I walked back to my own car. Should I leave it alone? I should. I didn’t have the time or the desire to look into it. And maybe if Andrés hadn’t told me an unmarried woman shouldn’t know or talk about sex, I would have left it alone. I tripped on a piece of concrete and did a kind of cartwheel to keep from going over completely.
I wished my Spanish were better. It’s similar to Italian, so I can follow it, but I don’t speak Italian often enough these days for either language to stay fresh in my mind. I had a feeling Andrés knew this
chavo banda
better than just from seeing him around the neighborhood; I had a feeling Andrés specifically didn’t want me to see him with this
chavo.
Next week, I’d make it a little project, to try to find out who this particular punk was.
At practice that afternoon, I couldn’t get anyone to pay attention to the game. Josie, in particular, was like a cat on a hot shovel. I figured the load of domestic responsibilities her mother had dumped on her must be getting to her, but it didn’t make working with her easier. I called a halt to scrimmage twenty minutes early and could hardly wait for them to get out of the showers before taking off myself.
Billy the Kid phoned me as I was leaving Coach McFarlane’s house. He wouldn’t tell me where he was; in fact, he would barely talk to me at all.
“I thought I could trust you, Ms. War-sha-sky, but then you go and start working for my father, and on top of that you bothered Pastor Andrés. I’m an adult, I can take care of myself. You have to promise to stop looking for me.”
“I can’t make such a sweeping promise, Billy. If you don’t want your dad to know where you are, I guess that’s a reasonable request, as long as I can assure him you’re not being held somewhere against your will.”
His breath came heavily over the phone to me. “I haven’t been kidnapped or anything like that.

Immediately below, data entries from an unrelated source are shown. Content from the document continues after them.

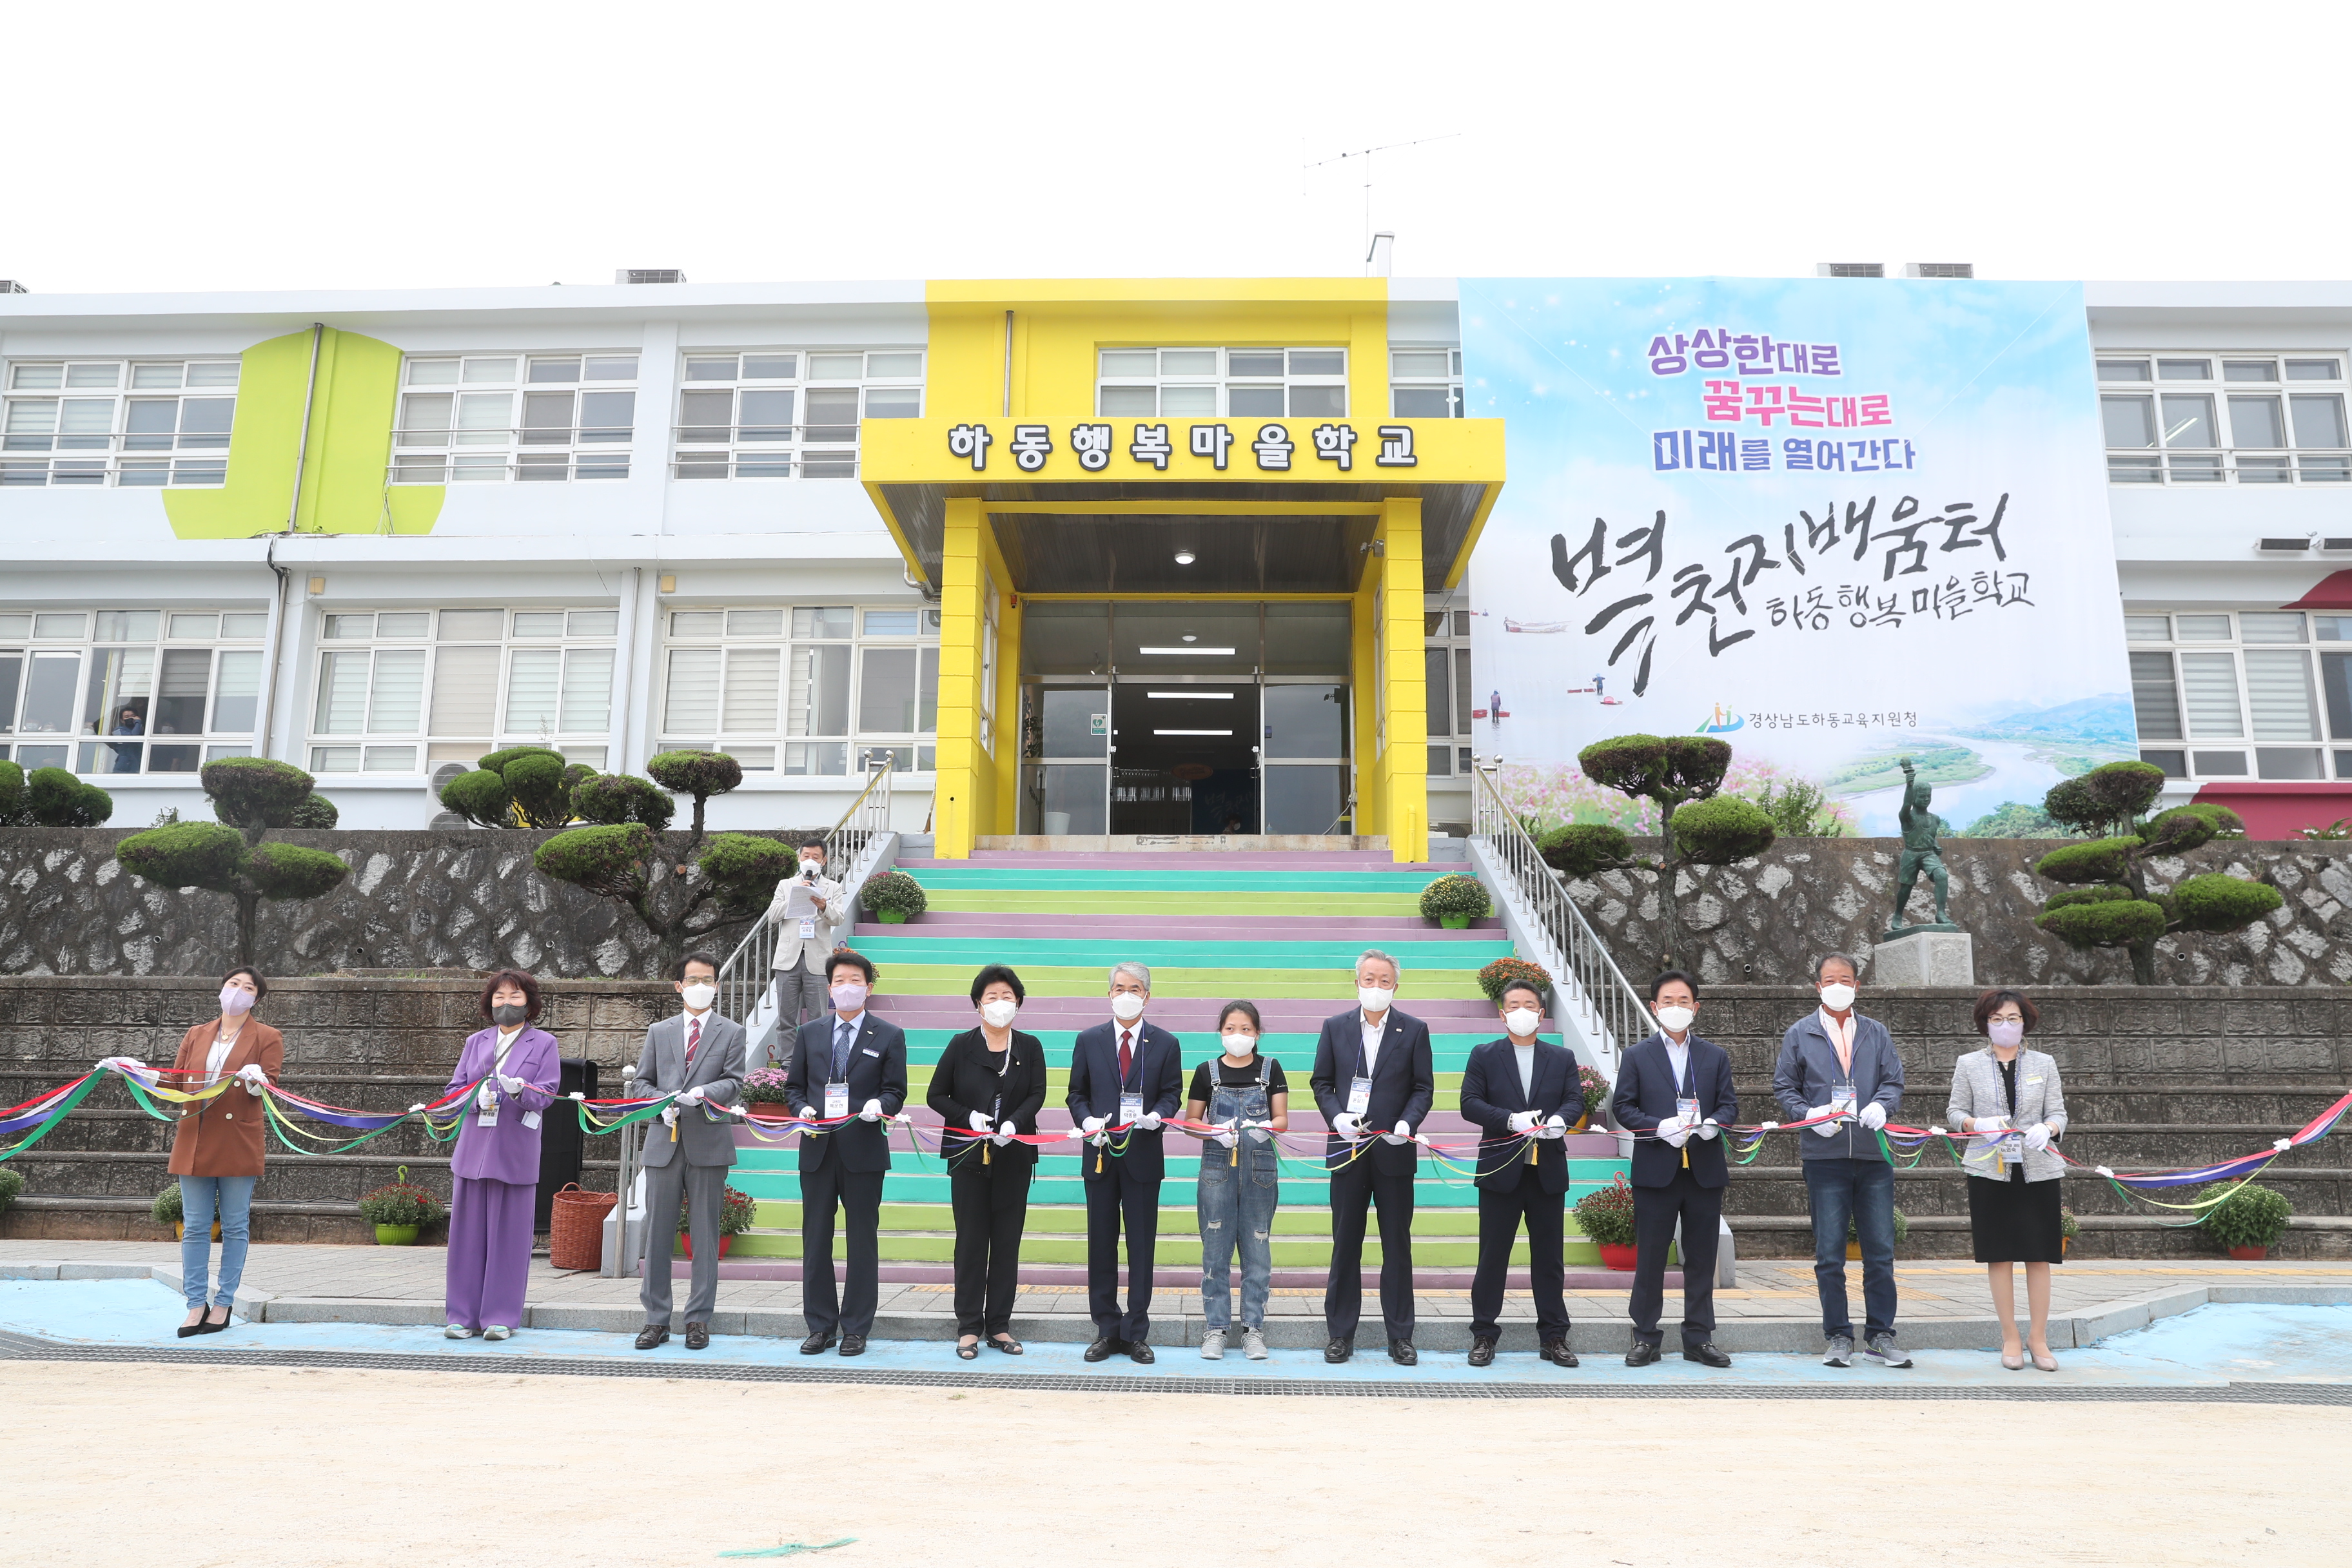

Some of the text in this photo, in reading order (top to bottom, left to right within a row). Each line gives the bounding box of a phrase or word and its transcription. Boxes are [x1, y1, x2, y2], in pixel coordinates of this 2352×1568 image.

[1649, 328, 1841, 376] 상상한대로
[1703, 379, 1892, 428] 꿈꾸는대로
[947, 423, 1418, 472] 하동행복마을학교
[1654, 429, 1916, 472] 미래를 열어간다
[1749, 711, 1917, 729] 경상남도하동교육지원청

Now promise me.”
“I’m tired enough of all the Bysens to be willing to run an ad in the
Herald-Star
promising never to talk to any of you again about each other or anything else.”
“Is that supposed to be a joke? I don’t think this is very funny. I just want you to tell my dad that I’m staying with friends, and if he sends anyone else looking for me I’m going to start calling shareholders.”
“Calling shareholders?” I repeated blankly. “What’s that supposed to mean?”
“That’s my whole message.”
“Before you hang up, you ought to remember something about your cell phone: it puts out a GSM signal. A bigger, richer detective agency than mine would have equipment to track you. As would the FBI.”
He was silent for a moment. In the background, I could hear sirens, and a baby crying: the sounds of the South Side.
“Thank you for the tip, Ms. War-sha-sky,” he finally said in a careful voice. “Maybe I misjudged you.”
“Maybe,” I said. “Do you want—” but he hung up before I could finish asking him if he wanted to see me.
I pulled over to the curb to relay Billy’s message to his father. Naturally enough, Mr. William wasn’t pleased, but his response took the form of petulant bullying (“That’s all? You think I’m paying your fee for sending me a disrespectful message? I want my son
now.
”) But when I told him I was going to have to quit the assignment, he stopped complaining about the message and demanded that I get back to work.
“I can’t, Mr. William, not when I promised Billy to stop looking for him.”
“What’s that got to do with it?” He was astonished. “It was a good ploy—he won’t be suspecting you.”
“It’s my word, Mr. William—I don’t have three thousand stores to carry me through lean times. My good word is my only asset. If I lose that, well, it would be a bigger disaster for me than losing all those stores would be for you, because I wouldn’t have any capital to start over again.”
He still didn’t seem to understand: he was willing to overlook my insolence, but he wanted his son without delay.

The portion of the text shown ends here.